◆ **Task details**
Print back each record unchanged, without pictures.

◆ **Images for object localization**
--
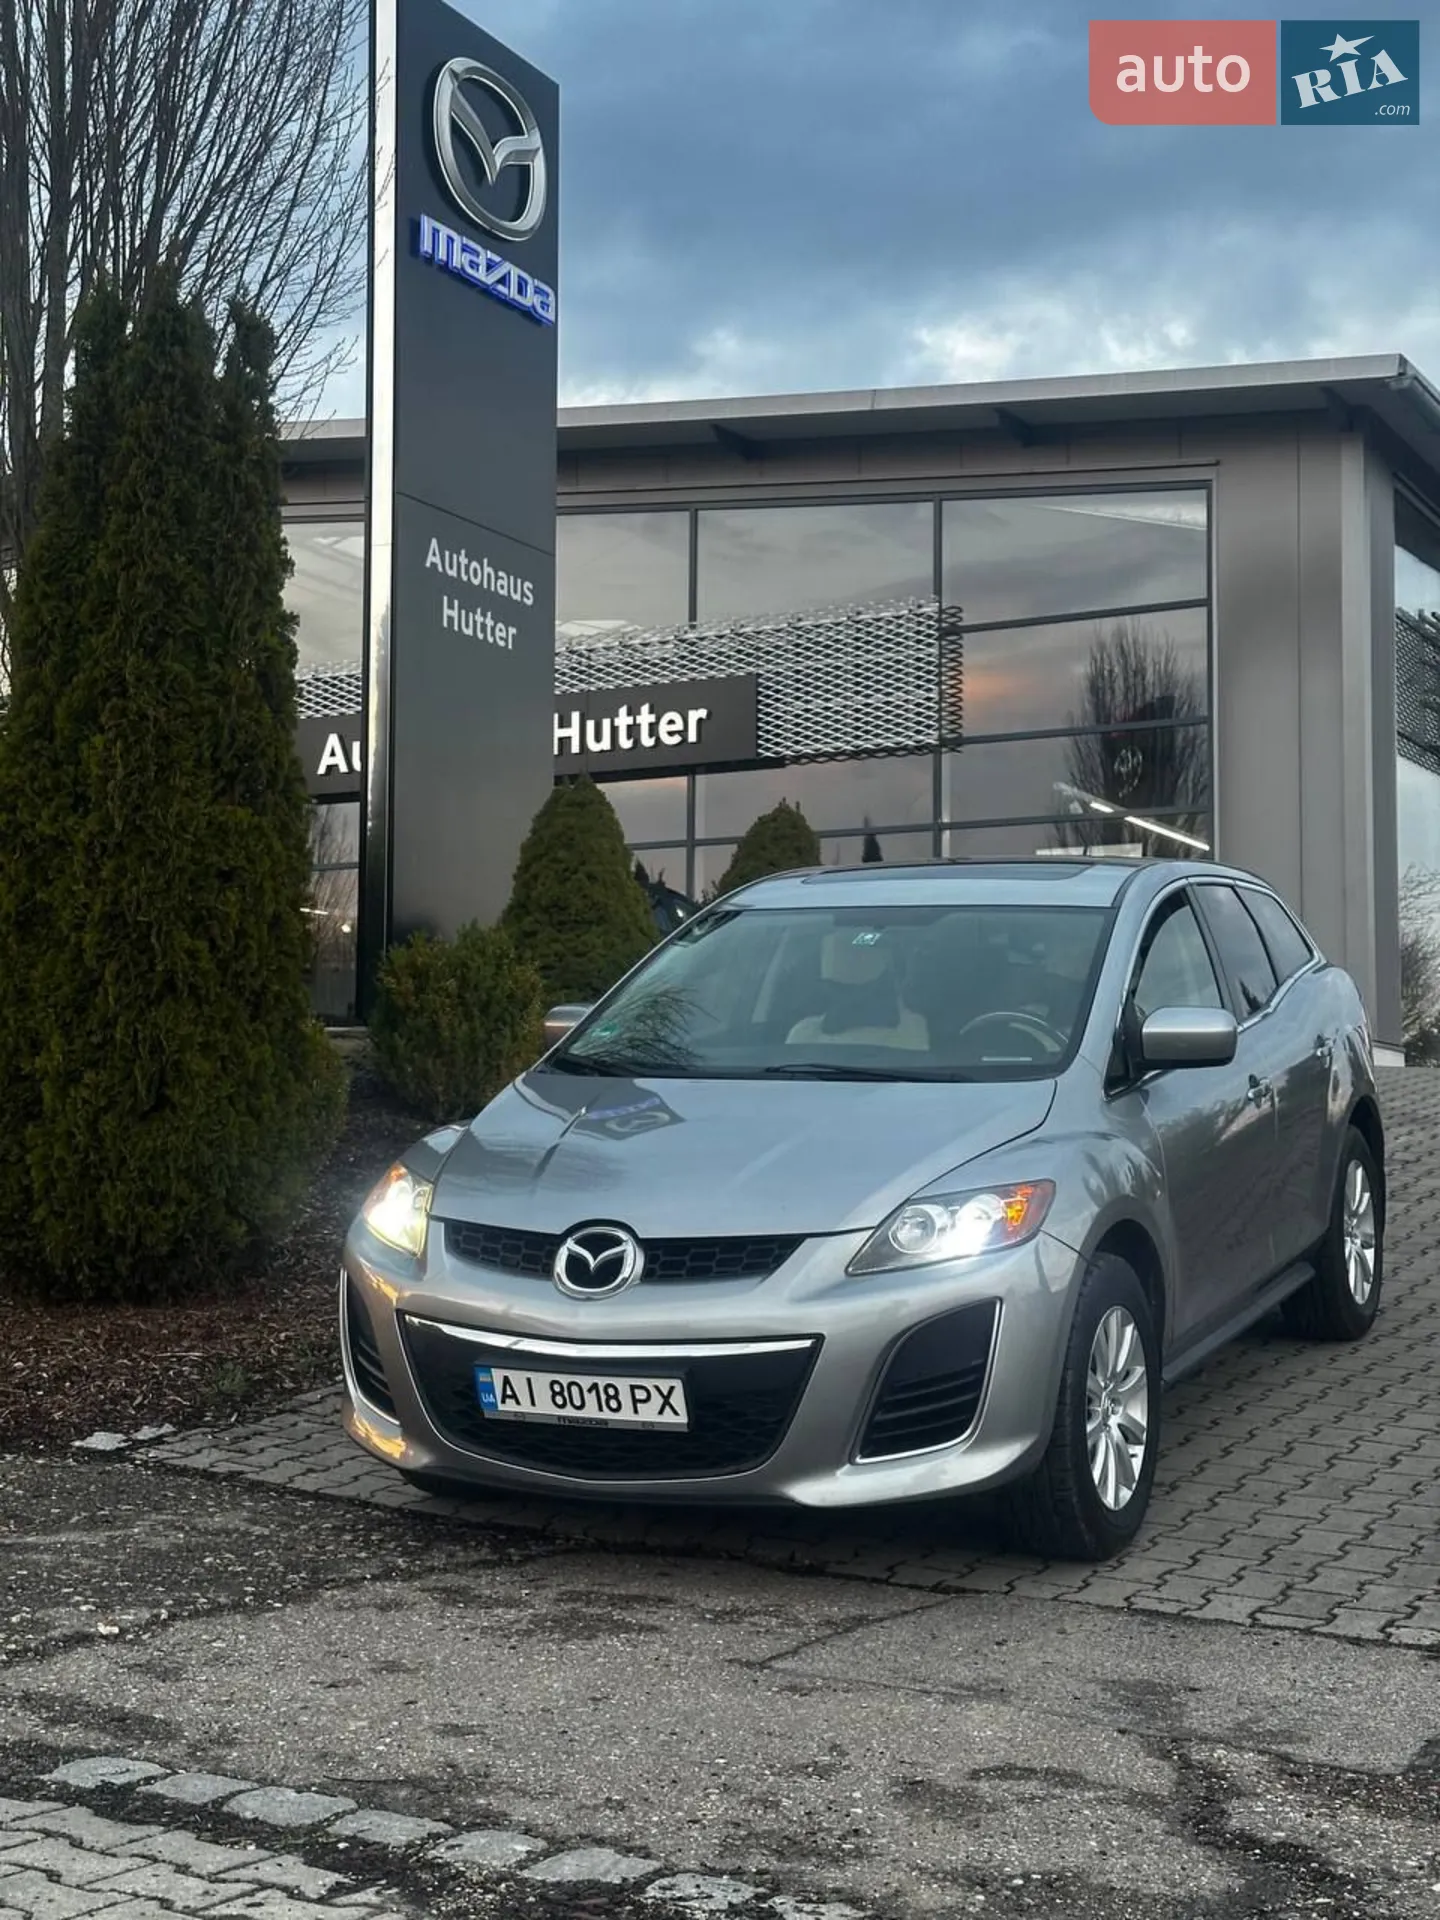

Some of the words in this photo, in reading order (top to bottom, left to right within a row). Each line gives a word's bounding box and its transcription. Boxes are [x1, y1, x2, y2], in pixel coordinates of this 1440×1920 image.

[425, 537, 535, 607] Autohaus
[442, 595, 517, 650] Hutter
[554, 702, 709, 755] Hutter
[500, 1375, 537, 1407] AI
[549, 1379, 623, 1414] 8018
[629, 1384, 680, 1416] PX
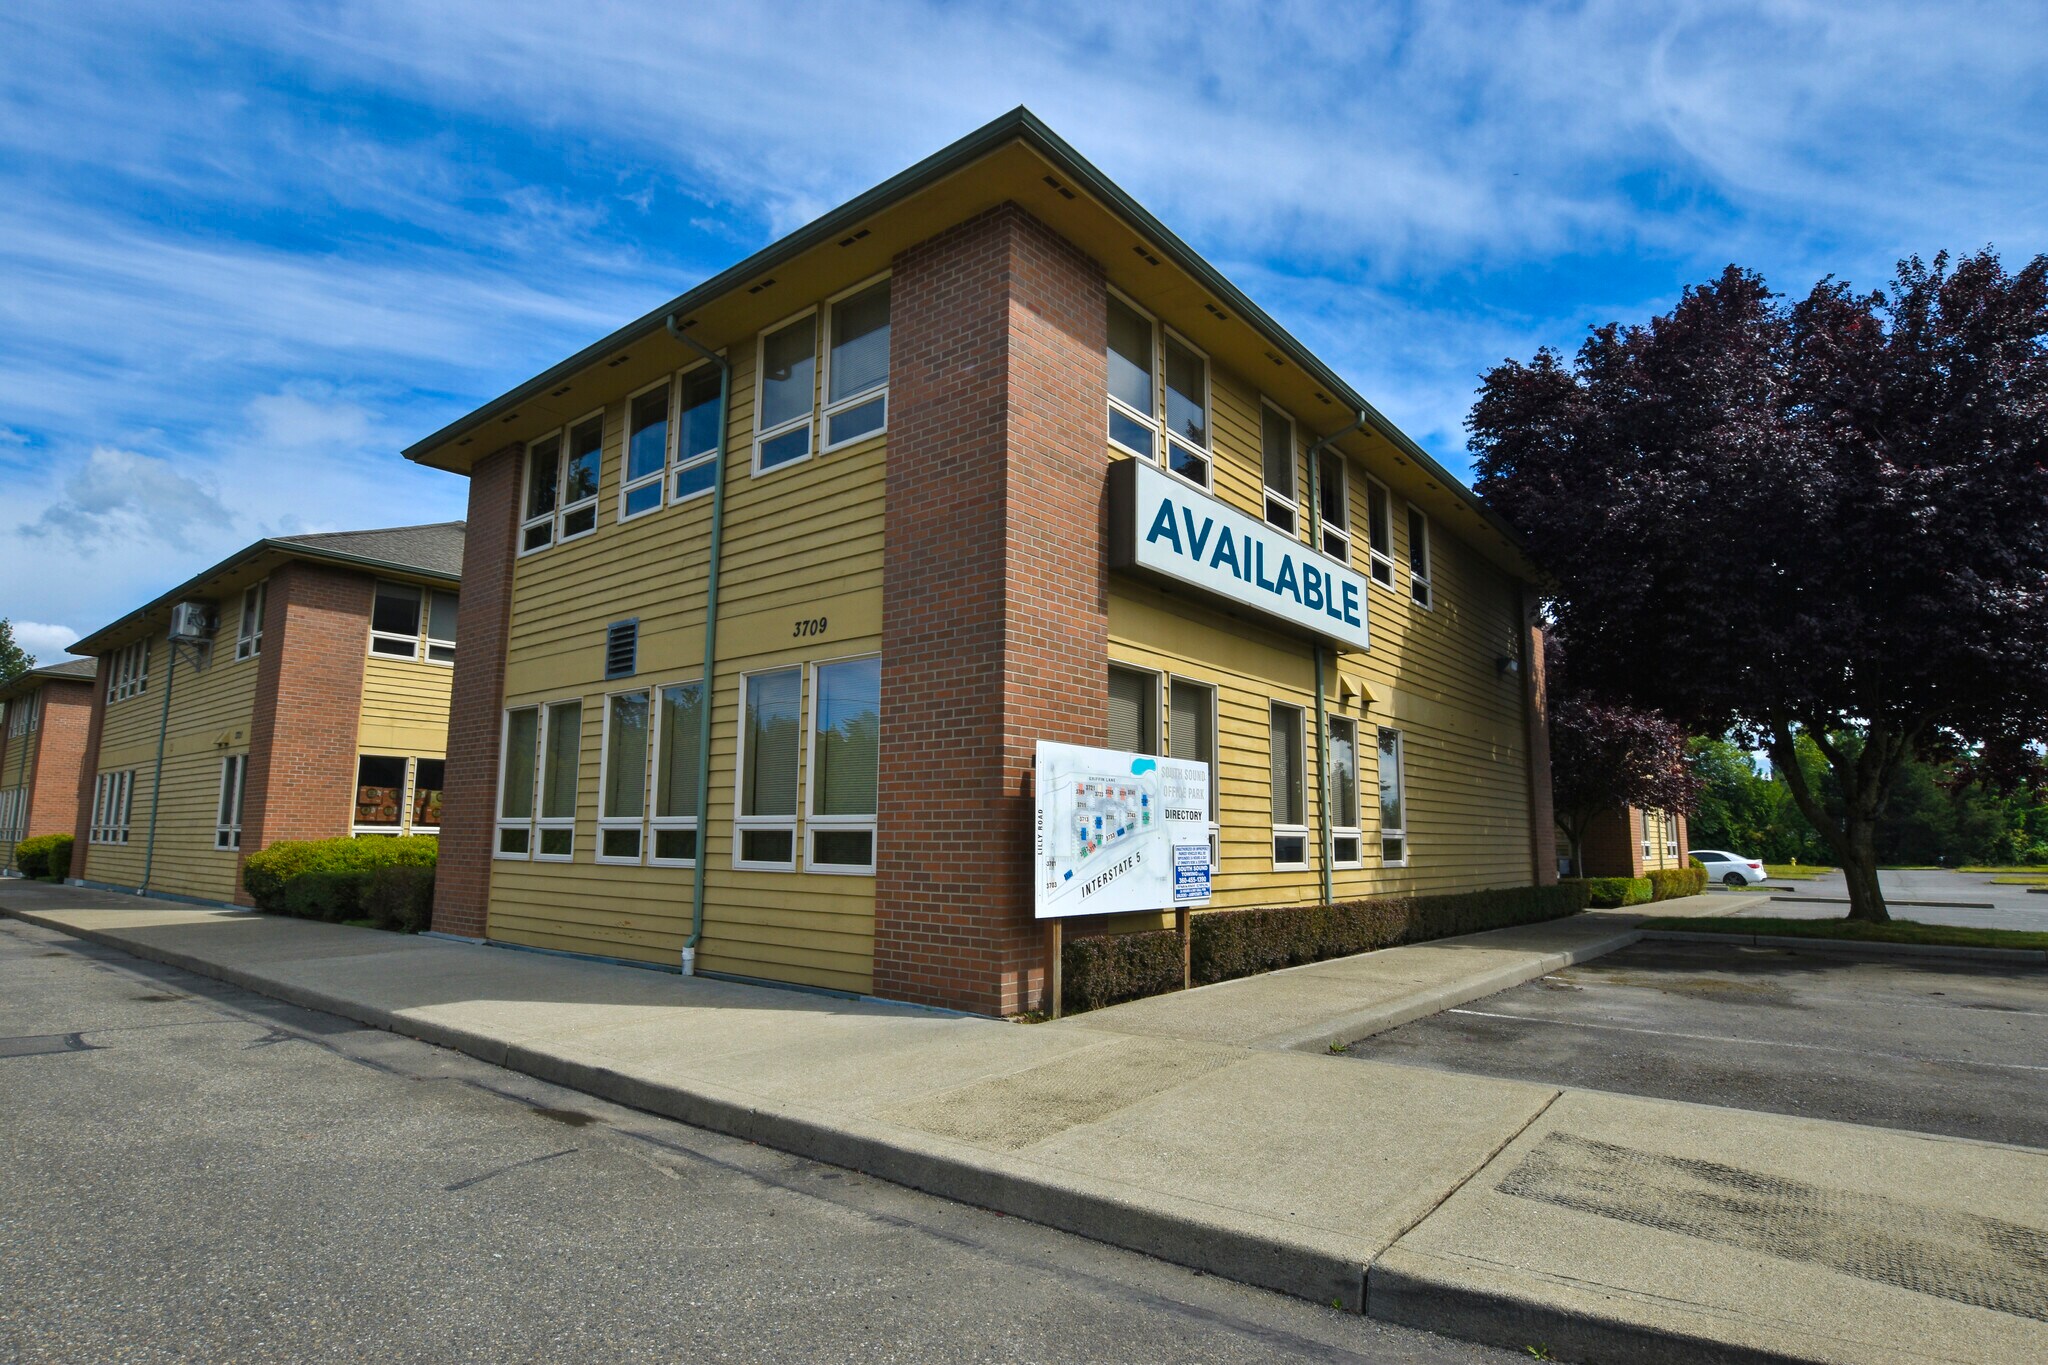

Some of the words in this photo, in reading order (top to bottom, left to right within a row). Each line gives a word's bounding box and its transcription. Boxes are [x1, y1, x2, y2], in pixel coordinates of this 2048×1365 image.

[1146, 498, 1361, 628] AVAILABLE
[793, 616, 828, 638] 3709
[1161, 766, 1183, 780] SOUTH
[1184, 769, 1206, 782] SOUND
[1163, 785, 1187, 799] OFFICE
[1188, 787, 1205, 800] PARK
[1164, 808, 1203, 821] DIRECTORY
[1081, 856, 1133, 898] INTERSTATE
[1136, 851, 1141, 863] 5
--
◆ **Response below**
Some of the words in this photo, in reading order (top to bottom, left to right within a row). Each line gives a word's bounding box and its transcription. Boxes are [x1, y1, x2, y2], in pixel coordinates of this 1440×1920 image.

[425, 537, 535, 607] Autohaus
[442, 595, 517, 650] Hutter
[554, 702, 709, 755] Hutter
[500, 1375, 537, 1407] AI
[549, 1379, 623, 1414] 8018
[629, 1384, 680, 1416] PX

Some of the words in this photo, in reading order (top to bottom, left to right within a row). Each line gives a word's bounding box and its transcription. Boxes are [x1, y1, x2, y2], in pixel coordinates of this 2048×1365 image.

[1146, 498, 1361, 628] AVAILABLE
[793, 616, 828, 638] 3709
[1161, 766, 1183, 780] SOUTH
[1184, 769, 1206, 782] SOUND
[1163, 785, 1187, 799] OFFICE
[1188, 787, 1205, 800] PARK
[1164, 808, 1203, 821] DIRECTORY
[1081, 856, 1133, 898] INTERSTATE
[1136, 851, 1141, 863] 5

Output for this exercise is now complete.